As a precaution, coalition personnel at sites affected by the smoke have been directed to limit their activity outdoors. Some service members have voluntarily chosen to don protective masks for their own comfort.

The coalition is taking the risk of these hazards and associated substances into consideration as part of ongoing force protection measures and is prepared to respond to such a contingency should the need arise.

There has been no change at this time to the mission-oriented protective posture level. Iraq's government is working to put out the fires and projects it may take approximately two to three days to accomplish this task.

PROTECTIVE MASKS

CJTF-OIR provided more than 24,000 protective chemical masks to Iraqi and peshmerga forces during training in preparation for the Mosul offensive.

The use of chemical weapons by the Islamic State of Iraq and the Levant underscores why the international coalition is assisting the Iraqi government to degrade and ultimately destroy ISIL, which continues to kill indiscriminately and operate completely unencumbered by any legal or moral restraint.

"The enemy has used chemical weapons in the past, and we're going to make sure we are taking every measure to mitigate the risk to our forces," said Army Maj. Gen.
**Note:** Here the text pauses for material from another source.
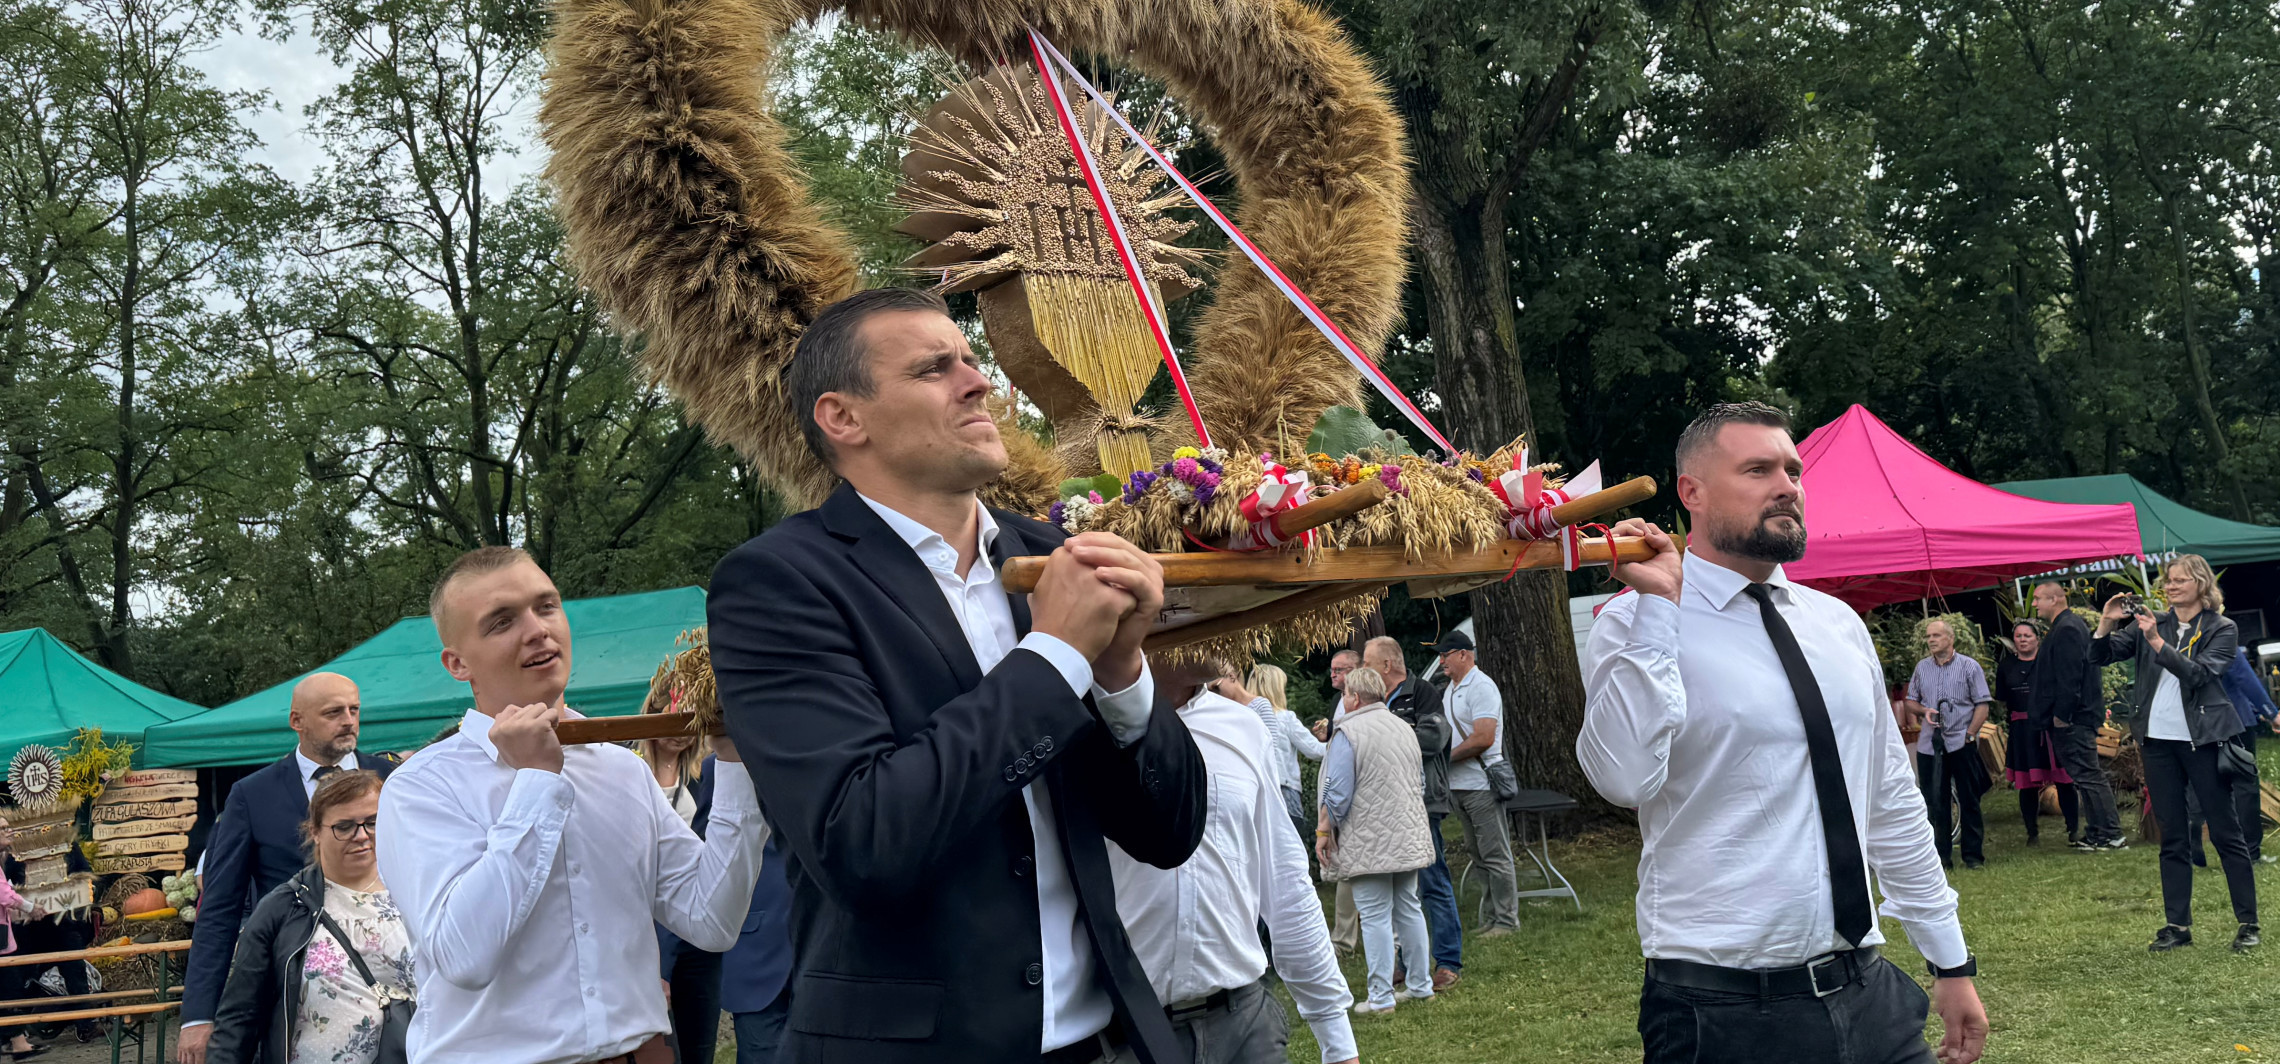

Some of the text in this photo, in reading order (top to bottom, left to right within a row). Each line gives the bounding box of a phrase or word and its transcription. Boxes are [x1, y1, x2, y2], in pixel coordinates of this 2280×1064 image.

Gary J. Volesky, commander of Combined Joint Forces Land Component Command, Operation Inherent Resolve. "Force protection is my No. 1 priority here."

CJTF-OIR has five building partner capacity sites, which were instrumental in training Iraqi and peshmerga counterattack brigades for the Mosul offensive. Their training included responding to chemical attacks by ISIL, and effectively using and fighting in their issued gas masks.

"The coalition is trained. We've trained the [Iraqis] and peshmerga; they've got equipment," Volesky said. "We're confident that as the enemy attempt to use a lot of means -- not just chemicals -- we're targeting the training with the Iraqis and with the coalition to make sure we're mitigating any risk of that threat."